*Exercise*. Straight copy, no pictures: transcribe each entry as it stands.

*Data for analysis*.

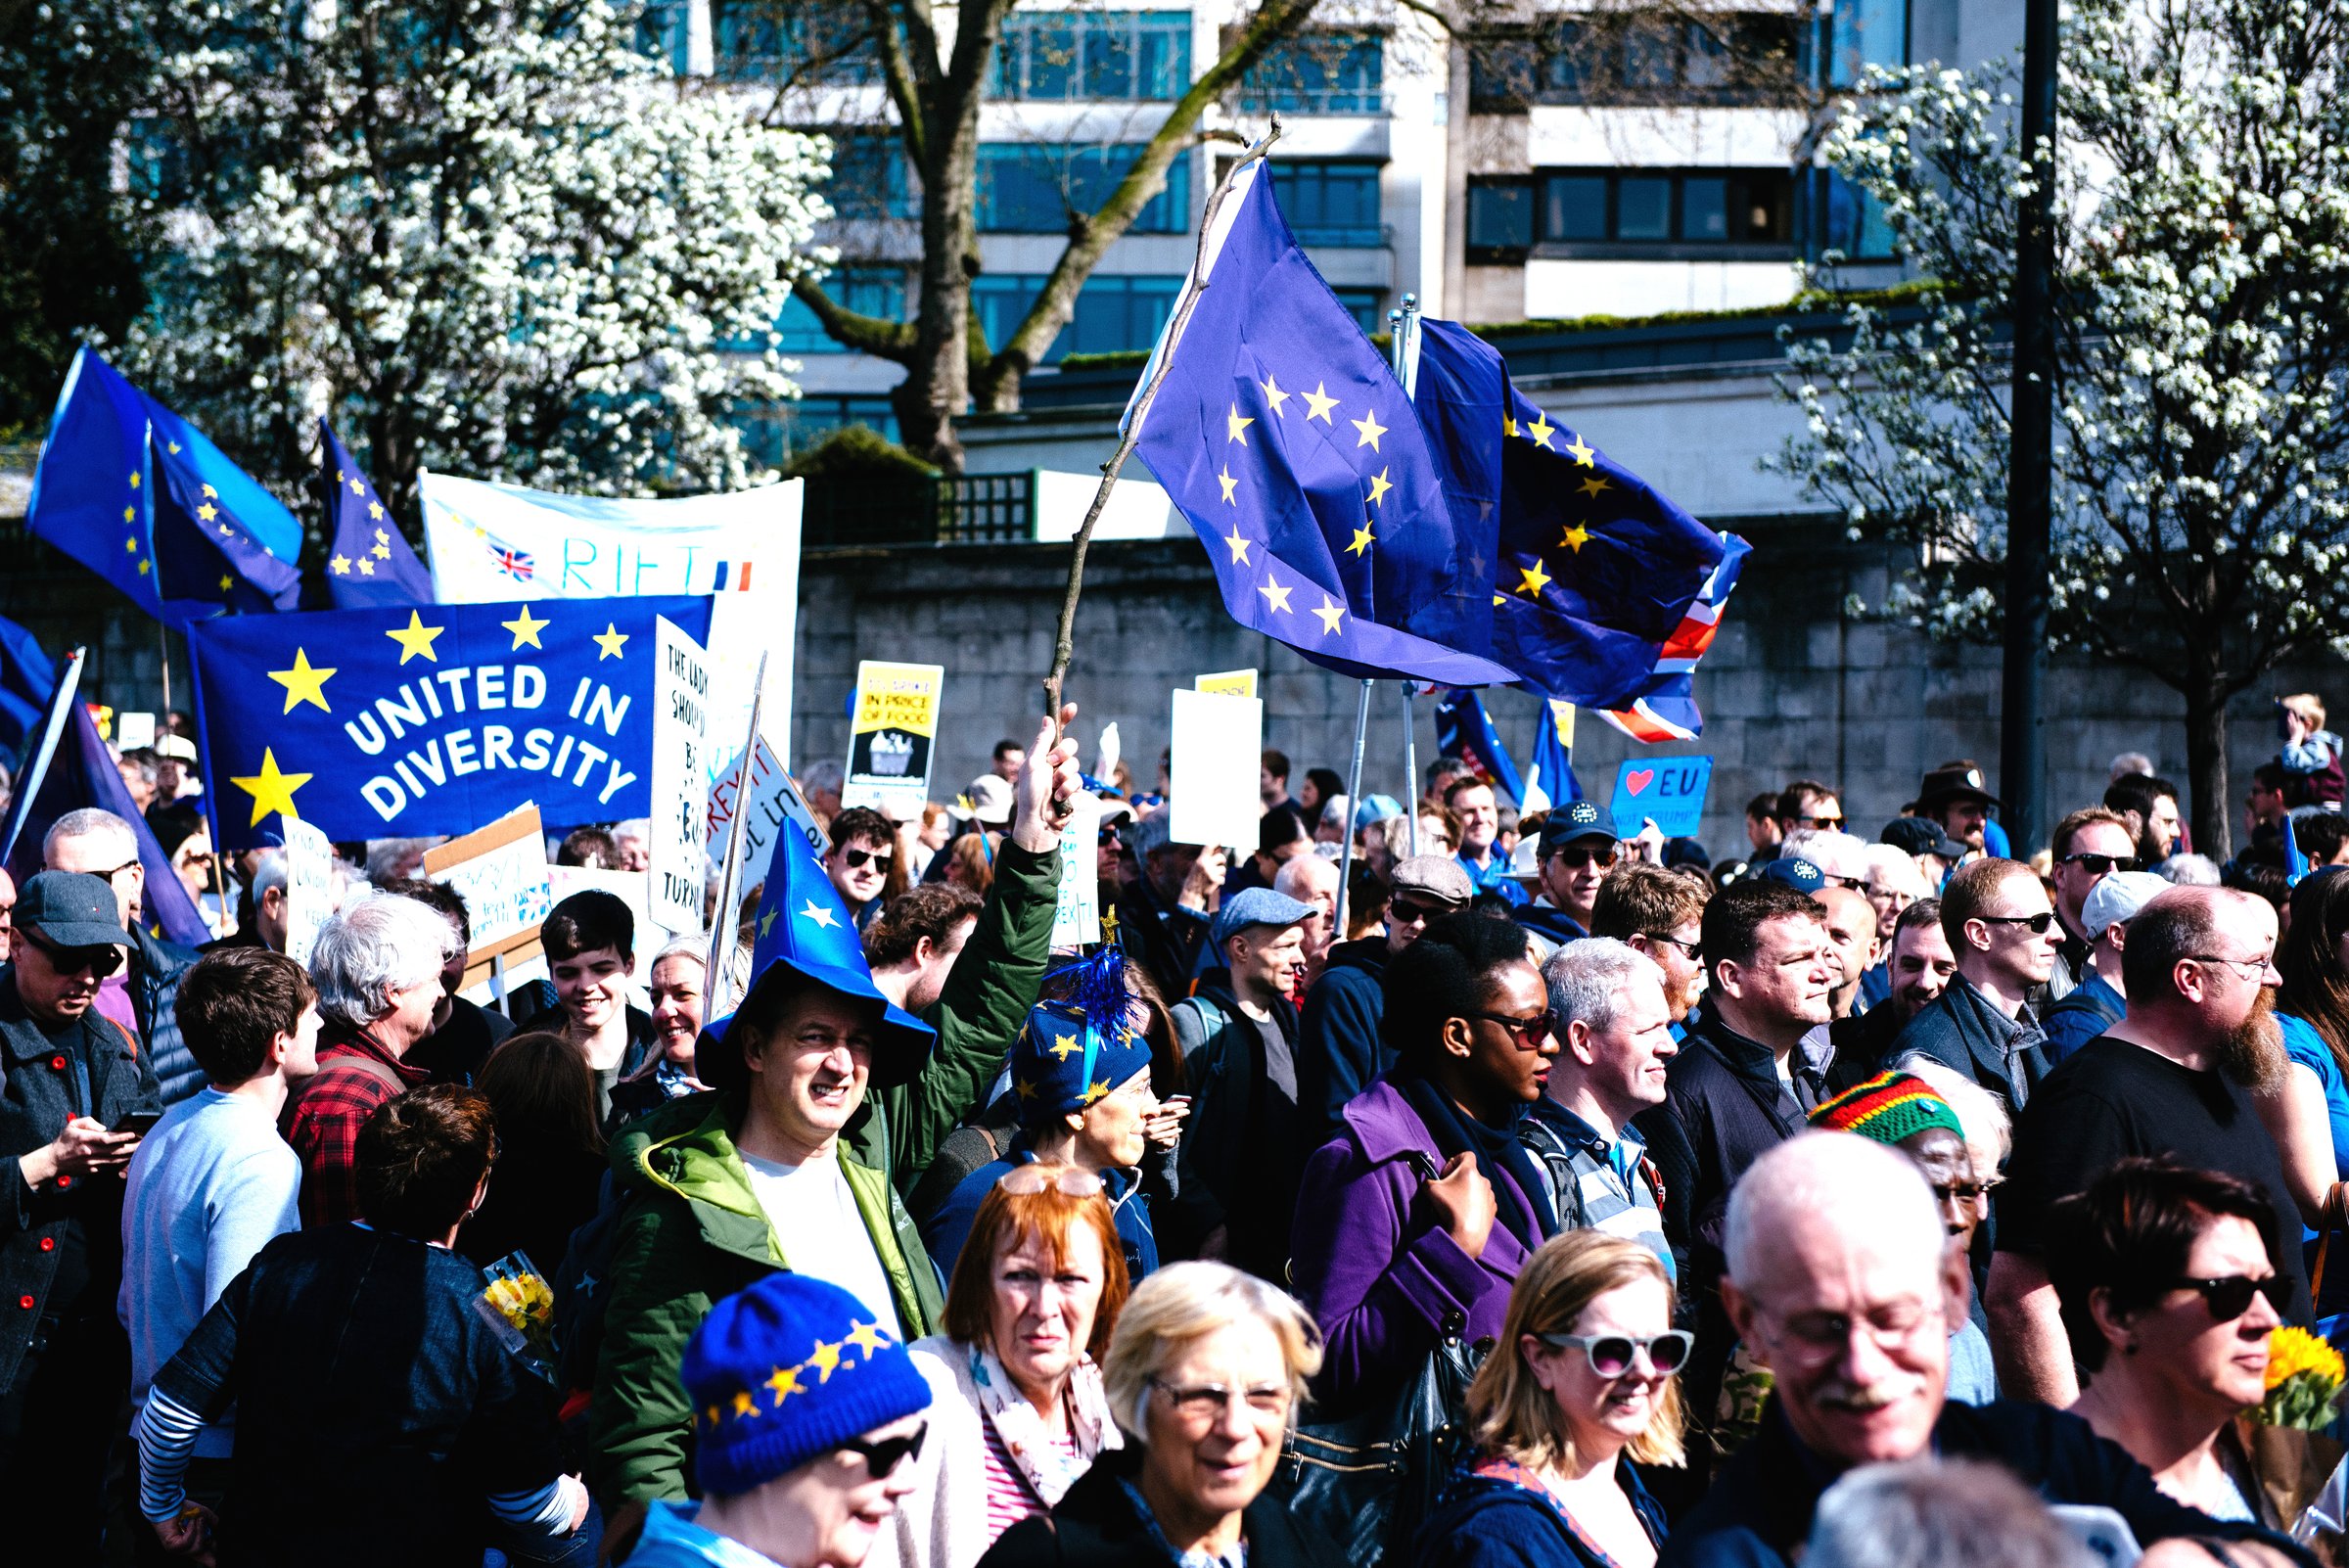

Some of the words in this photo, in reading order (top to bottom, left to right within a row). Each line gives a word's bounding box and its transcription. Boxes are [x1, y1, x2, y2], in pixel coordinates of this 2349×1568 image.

[668, 643, 687, 681] THE
[689, 659, 709, 700] LADY
[344, 664, 547, 756] UNITED
[568, 675, 632, 737] IN
[360, 724, 638, 823] DIVERSITY
[1659, 767, 1699, 796] EU
[1616, 813, 1638, 827] NOT
[1648, 809, 1694, 826] TRUMP
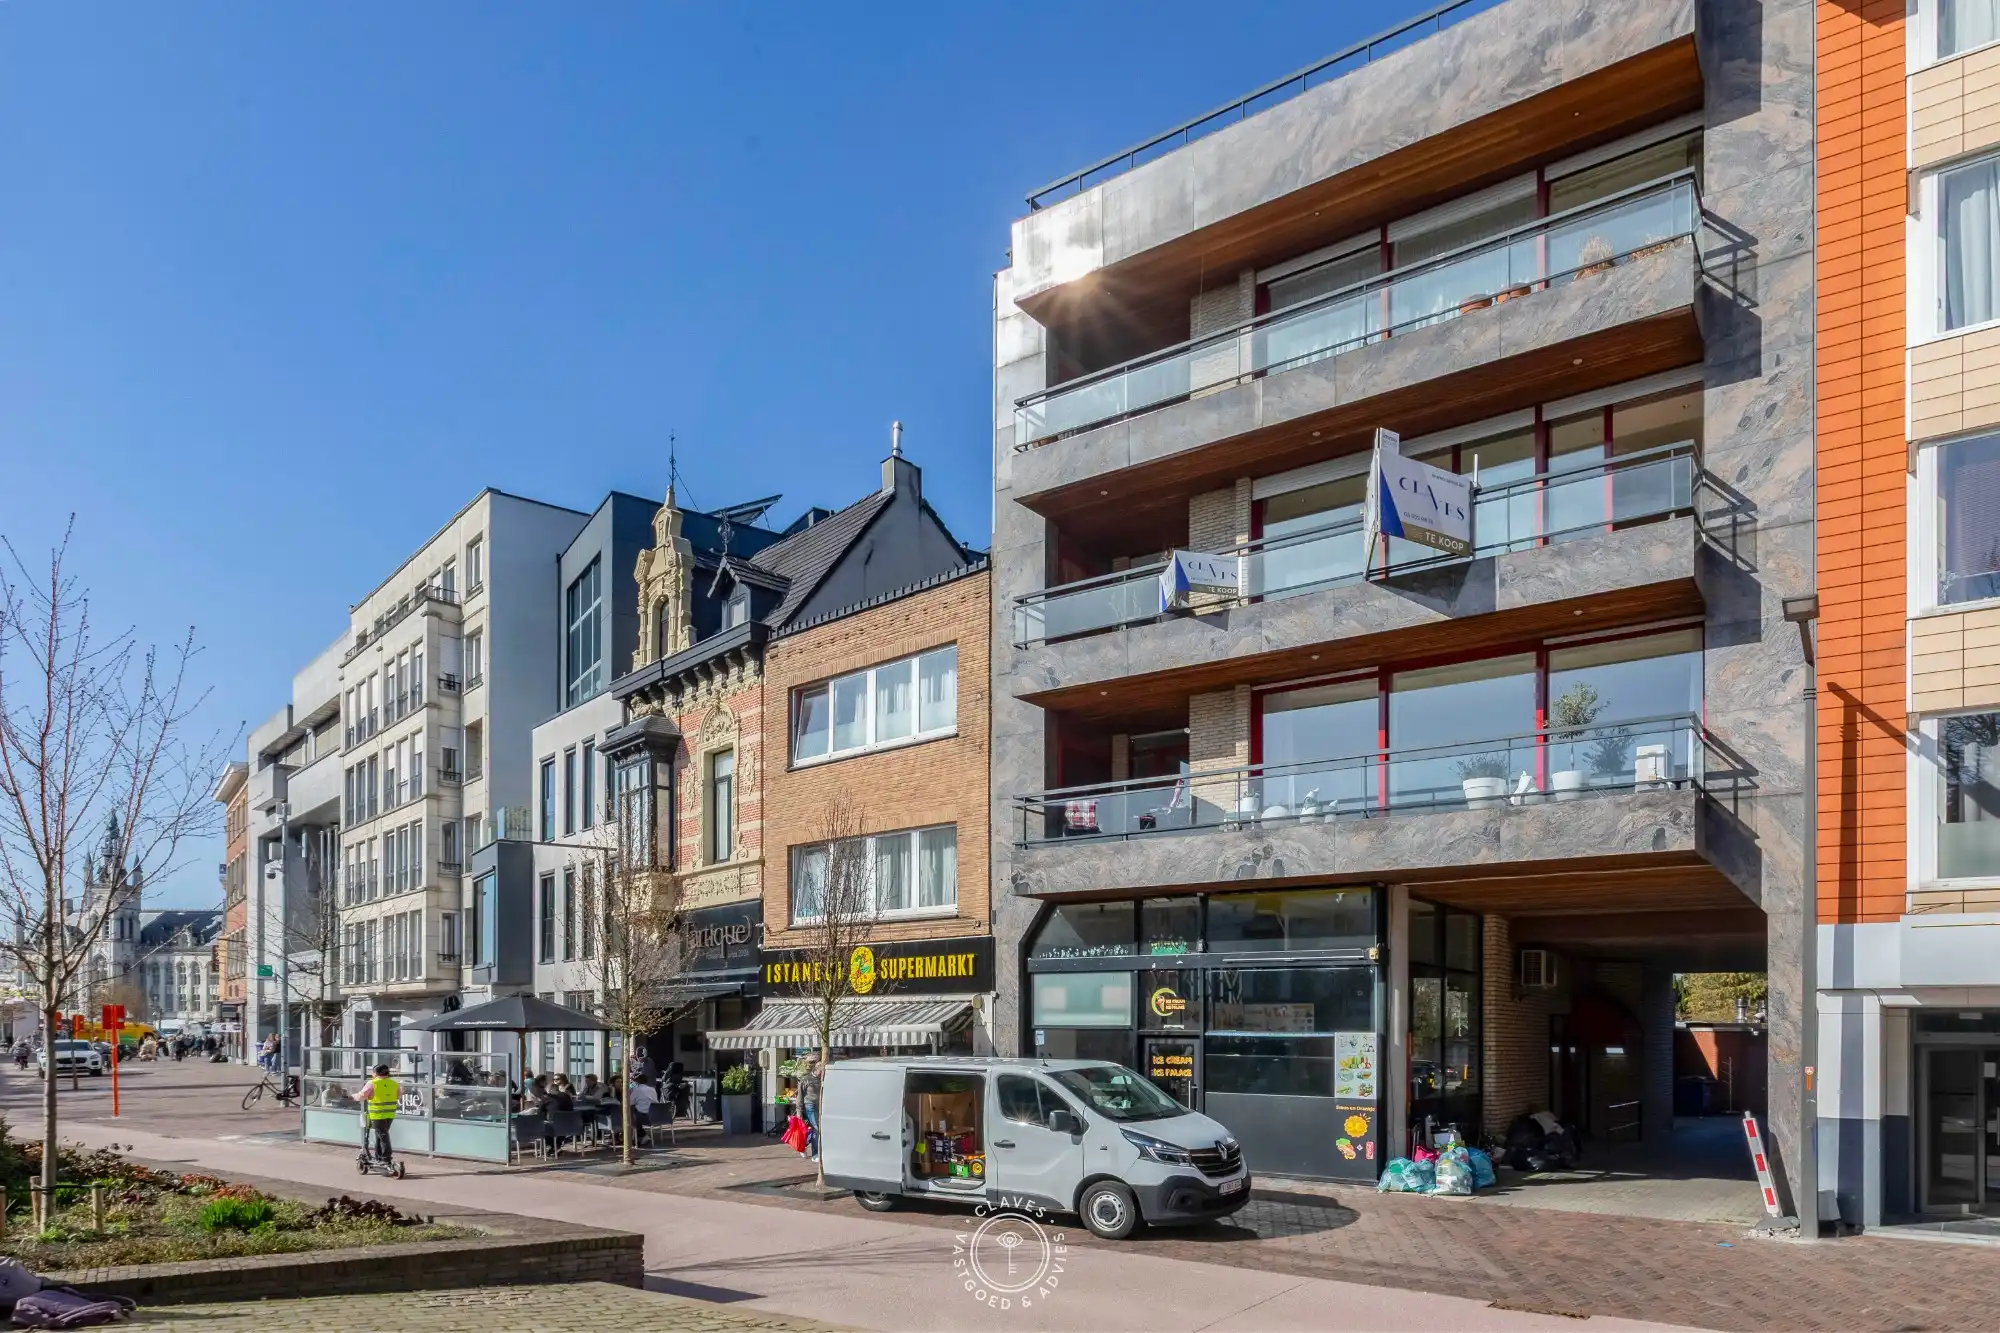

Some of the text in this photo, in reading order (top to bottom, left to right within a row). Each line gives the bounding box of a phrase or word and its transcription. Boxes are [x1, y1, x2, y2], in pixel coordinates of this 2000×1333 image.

*Exercise result*.
Some of the words in this photo, in reading order (top to bottom, left to right within a row). Each line gives a word's bounding box and its transcription. Boxes are [x1, y1, x2, y2], in pixel coordinates of this 2349×1568 image.

[668, 643, 687, 681] THE
[689, 659, 709, 700] LADY
[344, 664, 547, 756] UNITED
[568, 675, 632, 737] IN
[360, 724, 638, 823] DIVERSITY
[1659, 767, 1699, 796] EU
[1616, 813, 1638, 827] NOT
[1648, 809, 1694, 826] TRUMP

Some of the text in this photo, in reading order (top to bottom, left to right within a row). Each line gives the bounding box of a phrase or word and its transcription. Boxes are [x1, y1, x2, y2], in pixel coordinates of this 2000×1333 image.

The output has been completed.